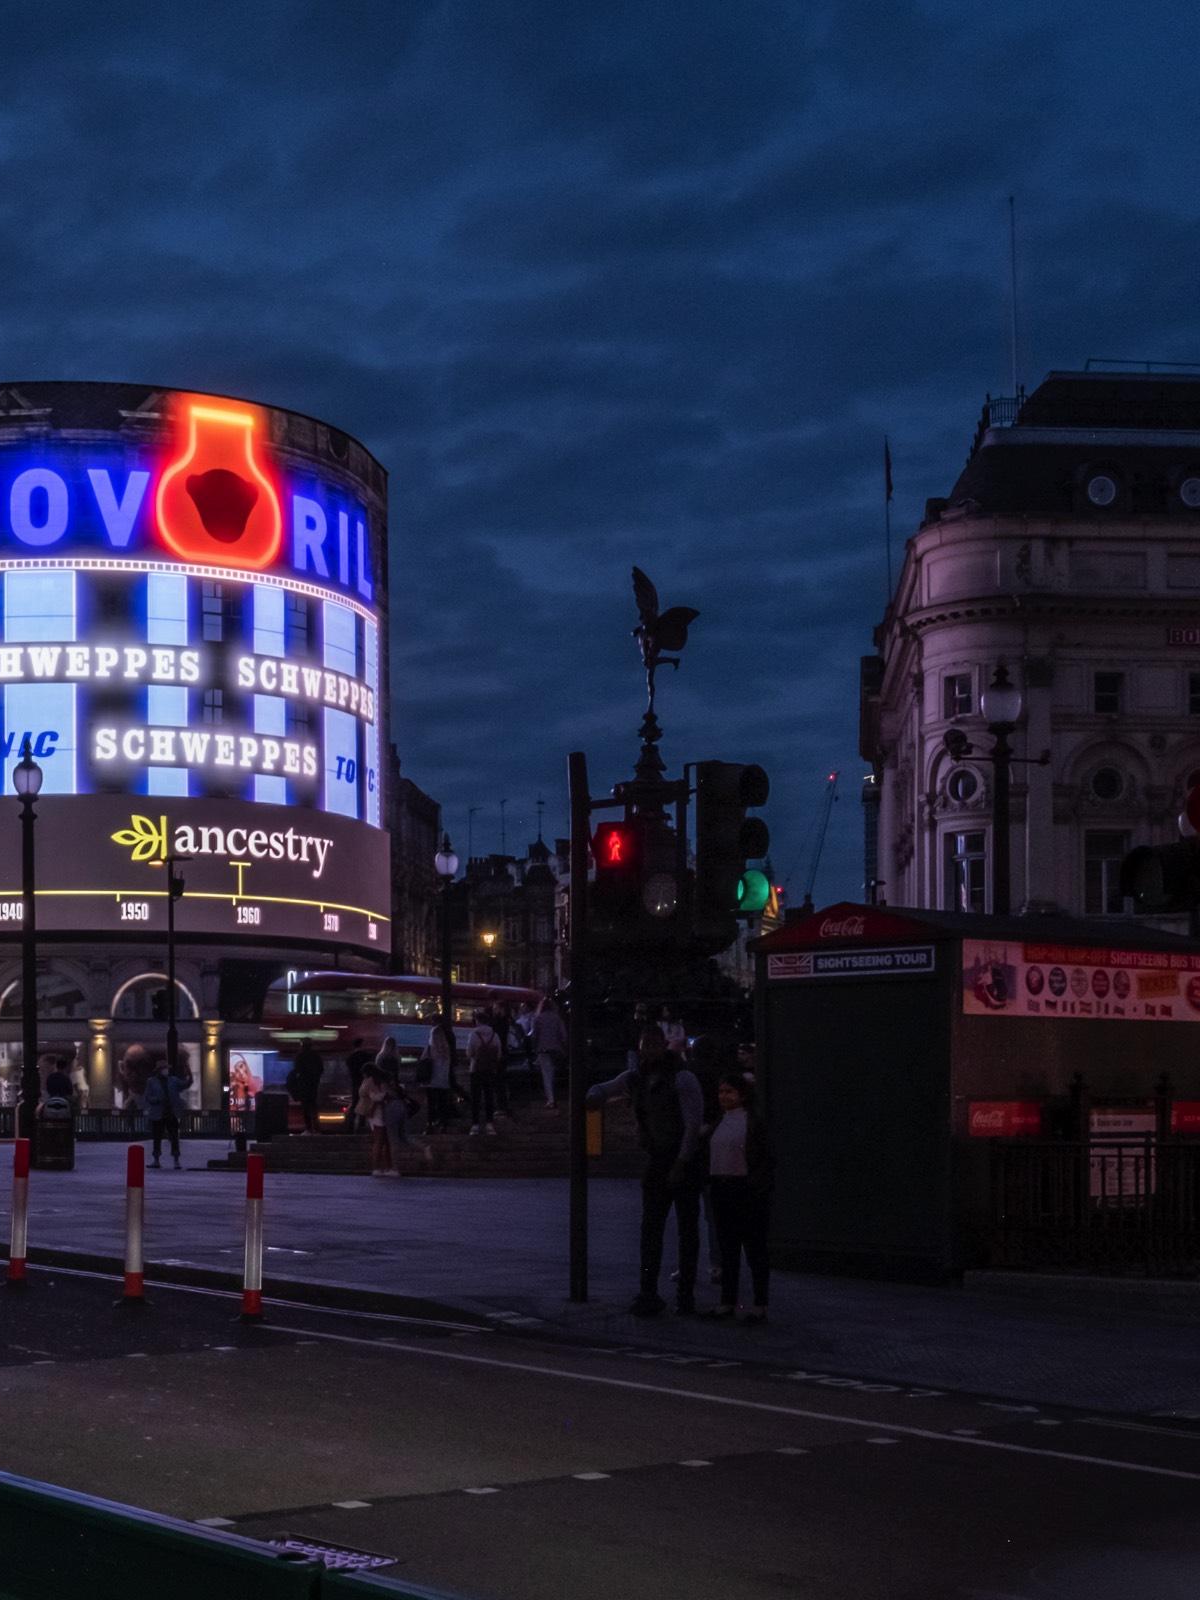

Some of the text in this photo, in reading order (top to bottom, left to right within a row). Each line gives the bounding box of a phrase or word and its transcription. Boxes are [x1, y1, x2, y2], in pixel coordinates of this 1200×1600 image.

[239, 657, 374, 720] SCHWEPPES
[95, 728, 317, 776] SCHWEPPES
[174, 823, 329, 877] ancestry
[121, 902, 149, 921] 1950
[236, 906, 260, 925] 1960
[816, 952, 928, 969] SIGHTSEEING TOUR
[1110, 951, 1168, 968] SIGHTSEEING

■ **WHAT THE EXERCISE ASKS**: Transcribe all entries above exactly. Omit the pictures.

■ **SOLUTION BELOW**:
Some of the text in this photo, in reading order (top to bottom, left to right within a row). Each line gives the bounding box of a phrase or word and its transcription. Boxes are [x1, y1, x2, y2], in pixel coordinates of this 1200×1600 image.

[239, 657, 374, 720] SCHWEPPES
[95, 728, 317, 776] SCHWEPPES
[174, 823, 329, 877] ancestry
[121, 902, 149, 921] 1950
[236, 906, 260, 925] 1960
[816, 952, 928, 969] SIGHTSEEING TOUR
[1110, 951, 1168, 968] SIGHTSEEING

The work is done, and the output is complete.